What Founders Think Fixing Ops Means
When founders decide to “fix operations,” they tend to reach for a combination of:
hires
tools
templates
or whatever worked at their last company
On the surface, this makes sense. You’re trying to move fast, and these feel like plug-and-play solutions.
But this approach has a flaw: it assumes operations is something you install, not something you design.
You end up with:
expensive tools that don’t fit your needs
processes inherited from completely different companies
fragmented systems with no clear ownership
documentation (if any) that no one actually uses
A clear sign of this: signing up for a costly system because “someone recommended it” or “we had it at my last job”—with no real evaluation of whether it fits your business.
That’s not product thinking. That’s cargo-culting.
What Changes When You Treat Ops Like a Product
When you treat operations like a product, three things change immediately.
1. Someone owns it
Operations isn’t “everyone’s job.” It has an owner, just like a product does.
2. It gets designed—not accumulated
Workflows, handoffs, and systems are intentional. They’re built around how your company actually operates—not copied from someone else’s.
3. It gets iterated
You don’t assume the first version is right. You test, adjust, and refine based on how the business actually runs.
And importantly: it’s built with your culture in mind.
Not every company should operate the same way. Good operations reflects the company it supports.

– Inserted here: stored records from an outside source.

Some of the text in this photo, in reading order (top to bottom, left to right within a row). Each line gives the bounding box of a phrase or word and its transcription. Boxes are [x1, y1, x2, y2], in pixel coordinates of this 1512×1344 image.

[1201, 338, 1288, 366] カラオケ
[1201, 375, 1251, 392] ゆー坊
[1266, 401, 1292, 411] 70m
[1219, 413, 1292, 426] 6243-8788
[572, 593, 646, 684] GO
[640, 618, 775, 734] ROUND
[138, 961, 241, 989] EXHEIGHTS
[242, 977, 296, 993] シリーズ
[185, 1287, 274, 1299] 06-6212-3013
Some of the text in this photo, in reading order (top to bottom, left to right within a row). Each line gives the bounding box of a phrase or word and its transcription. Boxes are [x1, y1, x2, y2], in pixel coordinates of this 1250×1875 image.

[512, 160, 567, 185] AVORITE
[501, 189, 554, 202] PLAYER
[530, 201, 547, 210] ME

The Tells: When Ops Is Not Being Treated Like a Product
Most companies don’t need an audit to know something is off. The patterns are obvious.

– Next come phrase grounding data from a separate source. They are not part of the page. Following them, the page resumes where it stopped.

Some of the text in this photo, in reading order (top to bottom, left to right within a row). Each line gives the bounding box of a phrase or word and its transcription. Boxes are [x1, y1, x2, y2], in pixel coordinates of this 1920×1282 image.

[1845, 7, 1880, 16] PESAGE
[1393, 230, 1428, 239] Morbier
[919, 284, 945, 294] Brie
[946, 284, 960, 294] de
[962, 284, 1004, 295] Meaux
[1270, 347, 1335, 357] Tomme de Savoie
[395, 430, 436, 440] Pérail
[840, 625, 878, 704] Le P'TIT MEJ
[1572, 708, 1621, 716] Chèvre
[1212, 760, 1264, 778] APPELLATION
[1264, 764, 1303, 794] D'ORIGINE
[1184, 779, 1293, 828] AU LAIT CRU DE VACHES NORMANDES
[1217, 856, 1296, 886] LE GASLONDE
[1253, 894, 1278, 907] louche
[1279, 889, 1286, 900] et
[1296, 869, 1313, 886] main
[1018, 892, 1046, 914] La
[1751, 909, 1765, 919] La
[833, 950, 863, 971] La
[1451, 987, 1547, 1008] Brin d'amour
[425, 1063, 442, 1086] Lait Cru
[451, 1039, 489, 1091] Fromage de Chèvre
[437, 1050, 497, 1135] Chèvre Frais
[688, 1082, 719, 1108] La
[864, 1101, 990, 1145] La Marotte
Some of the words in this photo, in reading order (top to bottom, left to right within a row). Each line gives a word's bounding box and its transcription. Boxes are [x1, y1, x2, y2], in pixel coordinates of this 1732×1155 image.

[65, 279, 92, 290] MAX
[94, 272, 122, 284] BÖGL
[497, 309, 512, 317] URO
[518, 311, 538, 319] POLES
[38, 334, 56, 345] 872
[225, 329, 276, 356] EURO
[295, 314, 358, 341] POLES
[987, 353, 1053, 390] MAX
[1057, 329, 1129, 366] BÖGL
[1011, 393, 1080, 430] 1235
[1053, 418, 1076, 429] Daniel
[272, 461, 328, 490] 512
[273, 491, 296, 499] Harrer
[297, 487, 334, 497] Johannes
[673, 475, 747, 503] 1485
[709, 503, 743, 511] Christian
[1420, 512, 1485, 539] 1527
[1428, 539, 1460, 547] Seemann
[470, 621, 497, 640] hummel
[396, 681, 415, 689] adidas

You know you’re in this territory when:
there is little to no documentation (policies, CRM, contract systems, etc.)
teams are constantly firefighting
the same work is being done multiple times
manual workarounds are holding things together
delays in delivery or billing are chronic and unexplained
staff turnover is high
customer complaints are rising
contracts are falling through
Dig a little deeper and you’ll usually find:
duplication of effort
unclear ownership
no consistent systems
no clear operational philosophy
A more subtle (and dangerous) signal: there is no clear goal or framework for how the business should operate.
The First Steps (You Don’t Need to Overcomplicate It)

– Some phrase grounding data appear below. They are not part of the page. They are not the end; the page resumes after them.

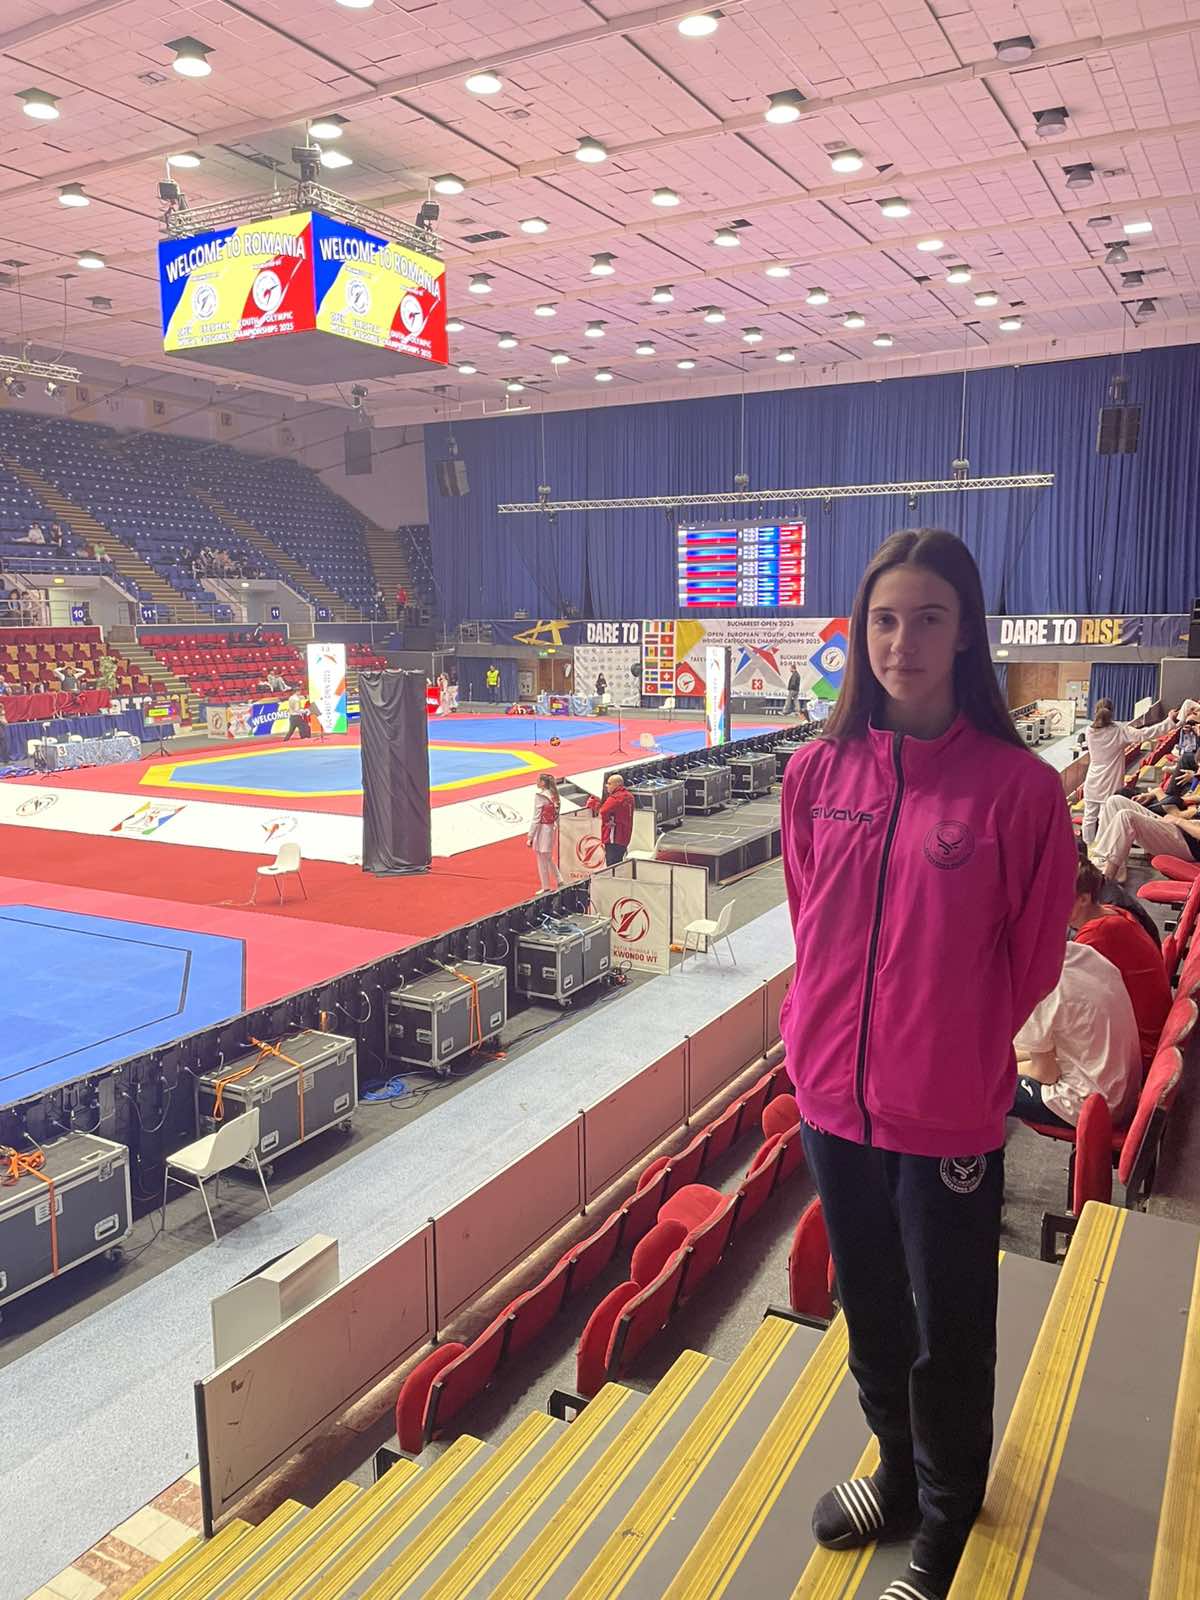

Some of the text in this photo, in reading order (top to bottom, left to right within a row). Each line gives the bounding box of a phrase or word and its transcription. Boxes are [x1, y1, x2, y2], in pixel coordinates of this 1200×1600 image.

[166, 239, 223, 284] WELCOME
[226, 236, 241, 259] TO
[244, 232, 306, 260] ROMANIA
[319, 237, 376, 264] WELCOME
[378, 246, 393, 270] TO
[394, 252, 440, 302] ROMANIA
[73, 609, 84, 618] 10
[143, 610, 152, 618] 11
[271, 609, 279, 617] 11
[587, 622, 639, 644] DARE TO
[1000, 618, 1124, 645] DARE TO RISE
[252, 711, 289, 726] WELCOME
[810, 807, 874, 825] GIVOVA
[613, 950, 657, 963] KWONDO WT

You don’t need a massive overhaul to start treating ops like a product. In fact, the first steps are simple.
A few quick wins:
Automate recurring tasks wherever possible
Eliminate low-value activities (too many meetings is the easiest place to start)
Review performance monthly—even a basic cadence helps
Create a simple budget and track it
Standardize documentation and templates
Improve communication channels and operating cadence
And one that’s often overlooked: If you can’t confidently outsource non-core activities—payroll, IT, marketing—you probably don’t fully understand how your operation works yet.
Outsourcing forces clarity. It defines what matters.
The Real Payoff
Treating operations like a product doesn’t make your business “more organized”—it makes it more coherent.
Work starts to move the way it’s supposed to. Decisions feel less reactive and more grounded. Resources get used more intentionally. And instead of constantly holding things together with effort, the system begins to carry more of the load.
Importantly, this shift doesn’t require a massive overhaul or a big investment. In most cases, it starts with a handful of deliberate changes—automating repetitive work, tightening how teams communicate, clarifying ownership, or putting basic structure around how things get done. None of these are flashy, but they have an outsized impact.
Those small improvements compound quickly. You start to see:
fewer delays
clearer accountability
a smoother experience for both your team and your customers
The goal isn’t perfection—it’s momentum.
You don’t scale by adding more people or money to a system that’s barely holding together.
You scale by steadily and intentionally improving the system those people rely on.